These attributes provide the total number of rows and columns in the worksheet, including any empty rows or columns at the end.

Iterating through Rows and Cells

The most common way to process data in a worksheet is to iterate through its rows and cells. Here’s how you can do it:

import xlrd

workbook = xlrd.open_workbook('my_excel_file.xls')
sheet = workbook.sheet_by_index(0)

for row_index in range(sheet.nrows):
    row = sheet.row(row_index) # Get a list of cell objects in current row.
    for cell_index, cell_obj in enumerate(row):
        cell_value = cell_obj.value
        cell_type = cell_obj.ctype #  Get cell type (xlrd.XL_CELL_NUMBER, xlrd.XL_CELL_TEXT, etc.)

        print(f"Row {row_index + 1}, Column {cell_index + 1}: Value = {cell_value}, Type = {cell_type}")
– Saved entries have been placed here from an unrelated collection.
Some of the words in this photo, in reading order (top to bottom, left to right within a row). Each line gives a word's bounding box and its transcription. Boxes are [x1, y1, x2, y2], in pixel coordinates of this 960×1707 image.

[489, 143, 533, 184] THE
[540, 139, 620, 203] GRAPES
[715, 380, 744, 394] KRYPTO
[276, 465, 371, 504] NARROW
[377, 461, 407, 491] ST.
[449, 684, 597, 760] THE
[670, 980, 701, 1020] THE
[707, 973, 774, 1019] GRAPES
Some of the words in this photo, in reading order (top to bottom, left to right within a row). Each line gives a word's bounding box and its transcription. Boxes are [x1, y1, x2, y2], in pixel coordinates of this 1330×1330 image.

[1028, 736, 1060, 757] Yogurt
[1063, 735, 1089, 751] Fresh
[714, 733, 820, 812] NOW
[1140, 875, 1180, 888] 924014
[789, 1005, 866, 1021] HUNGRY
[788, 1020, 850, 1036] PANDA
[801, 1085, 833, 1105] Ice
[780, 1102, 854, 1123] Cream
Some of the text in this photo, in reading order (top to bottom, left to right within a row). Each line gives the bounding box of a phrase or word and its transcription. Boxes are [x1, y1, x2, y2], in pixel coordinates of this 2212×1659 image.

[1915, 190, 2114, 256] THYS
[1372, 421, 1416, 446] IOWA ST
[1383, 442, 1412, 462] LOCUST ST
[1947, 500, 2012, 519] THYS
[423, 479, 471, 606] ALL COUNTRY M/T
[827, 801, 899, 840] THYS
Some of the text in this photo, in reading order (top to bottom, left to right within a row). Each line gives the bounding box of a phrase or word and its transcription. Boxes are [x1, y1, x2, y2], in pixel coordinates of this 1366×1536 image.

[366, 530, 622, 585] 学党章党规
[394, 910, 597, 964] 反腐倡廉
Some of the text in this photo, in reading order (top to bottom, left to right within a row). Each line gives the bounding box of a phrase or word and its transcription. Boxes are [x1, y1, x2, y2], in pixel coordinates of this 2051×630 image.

workbook.release_resources()
del workbook

This code iterates through each row and then through each cell within that row. cell_obj.value provides the cell’s value, and cell_obj.ctype provides its type (e.g., number, text, date, boolean, error, blank). Understanding cell types is crucial for handling data correctly, as you might need to perform type conversions for certain operations. Remember that row and column indices are zero-based. Alternative methods for accessing individual cells directly using sheet.cell_value(rowx, colx) are also available for more efficient random access.

Reading Cell Values

Accessing Cell Values

The core of using xlrd is retrieving the values from individual cells. There are several ways to achieve this:

Method 1: Using sheet.cell_value(rowx, colx): This is the most direct method. rowx and colx are the row and column indices (both zero-based).

import xlrd

workbook = xlrd.open_workbook('example.xls')
sheet = workbook.sheet_by_index(0)

cell_value = sheet.cell_value(0, 0)  # Value of cell A1
print(f"Cell A1: {cell_value}")

cell_value = sheet.cell_value(2, 1)  # Value of cell B3
print(f"Cell B3: {cell_value}")

workbook.release_resources()
del workbook

Method 2: Iterating through rows: This is useful for processing entire rows or sheets.

import xlrd

workbook = xlrd.open_workbook('example.xls')
sheet = workbook.sheet_by_index(0)

for row_index in range(sheet.nrows):
    for col_index in range(sheet.ncols):
        cell_value = sheet.cell_value(row_index, col_index)
        # ... process cell_value ...
workbook.release_resources()
del workbook

Method 3: Accessing cells via sheet.row(rowx): This returns a list of Cell objects for a given row.

import xlrd

workbook = xlrd.open_workbook('example.xls')
sheet = workbook.sheet_by_index(0)

row = sheet.row(0) #Get the first row.
for cell in row:
    print(cell.value)

workbook.release_resources()
del workbook

Data Types and Handling

xlrd represents cell values using several data types. The cell.ctype attribute indicates the cell type:

You should always check cell.ctype before using the cell.value to avoid type errors.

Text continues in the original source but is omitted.